3. A laser sterilization chamber according to claim 2, wherein: the third laser reflecting cavity is provided with a third laser angle adjusting mirror, and the third laser angle adjusting mirror is used for receiving laser reflected by the third laser reflecting mirror or the second laser angle adjusting mirror and adjusting the angle of the received laser incident on the fifth reflecting mirror.

4. A laser sterilization chamber according to claim 2, wherein: the laser beam transmission device further comprises a fourth laser angle adjusting mirror, wherein the fourth laser angle adjusting mirror is used for receiving laser beams reflected by the fifth reflecting mirror and adjusting the transmission direction of the laser beams.

5. A laser sterilization chamber according to claim 3, wherein: the laser beam transmission device further comprises a fourth laser angle adjusting mirror, wherein the fourth laser angle adjusting mirror is used for receiving laser beams reflected by the fifth reflecting mirror and adjusting the transmission direction of the laser beams.

6. A laser sterilization chamber according to claim 1, wherein: the first laser angle adjusting mirror is a spectroscope.

7. A laser sterilization chamber according to claim 3, wherein: the third laser angle adjusting mirror forms an included angle gamma with the second cavity wall, wherein gamma is more than or equal to 1 degree and less than or equal to 20 degrees.
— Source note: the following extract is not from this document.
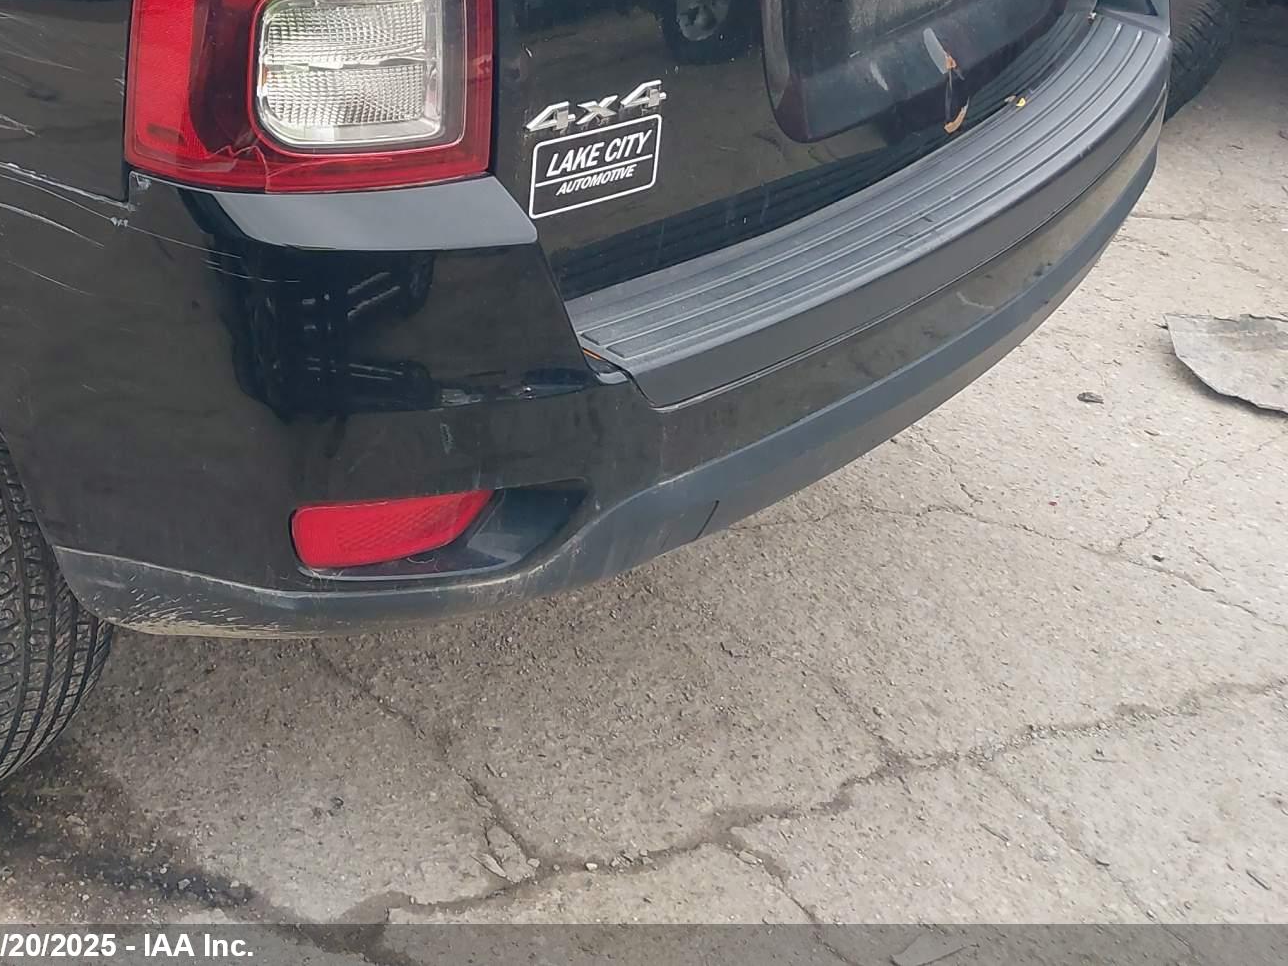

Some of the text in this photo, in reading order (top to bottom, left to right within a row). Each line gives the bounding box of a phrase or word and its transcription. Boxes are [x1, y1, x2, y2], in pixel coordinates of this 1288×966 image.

8. A laser sterilization chamber according to claim 4 wherein: the fourth laser angle adjusting mirror forms an included angle delta with the second cavity wall, wherein delta is more than or equal to 1 degree and less than or equal to 20 degrees.

9. A laser sterilization chamber according to claim 1, wherein: the sterilizing chamber further comprises a cleaning window which is detachably connected with the sterilizing chamber.

10. A laser sterilization chamber according to claim 9, wherein: the cleaning window is detachably connected to the side wall of the sterilization chamber, and comprises a gasket, a cover plate and a locking mechanism.

11. A laser sterilization chamber according to claim 9, wherein: the cleaning window is hinged with the side wall of the sterilizing chamber.

12. A laser sterilization chamber according to any one of claims 1-11 wherein: the fluid is air.

13. The utility model provides a high-efficient laser sterilization device, its is used for water disinfection system, its characterized in that: a laser sterilization chamber comprising the apparatus of any one of claims 1-11, wherein the inlet is a conduit detachably connected to an external fluid conduit by a quick-connect fitting.

14. The efficient laser sterilization apparatus of claim 13, wherein: the quick connector is a clamp.

15. The efficient laser sterilization apparatus of claim 13, wherein: the quick connector comprises 2 encircling sheets, the first encircling sheets and the second encircling sheets are of detachable structures, the first encircling sheets and the second encircling sheets are assembled together to encircle an external fluid pipeline, the second encircling sheets comprise hollow flow passages, and after the second encircling sheets are connected with inlets of the sterilization cavity, fluid in the external fluid pipeline flows into the sterilization chamber from the flow passages.

16. The high-efficiency laser sterilization device of claim 13, wherein: the control system is electrically connected with the laser emitter, the flow meter and the electromagnetic valve, and controls the electromagnetic valve to be opened or closed according to the read opening/closing data of the laser emitter; the flowmeter is used for monitoring the throughput of the fluid and feeding back to a control system, and the control system controls the opening or closing of the electromagnetic valve and/or the laser according to the value fed back by the flowmeter.

17. A high efficiency laser sterilization apparatus according to any one of claims 13-16 wherein: the fluid is water.

18. A high efficiency laser sterilization system for indoor or vehicle air sterilization, comprising a blower and a laser sterilization chamber according to any one of claims 1-11, wherein the blower introduces indoor or vehicle air into the sterilization chamber from an inlet to obtain laser sterilization, and the sterilized air is discharged from an outlet.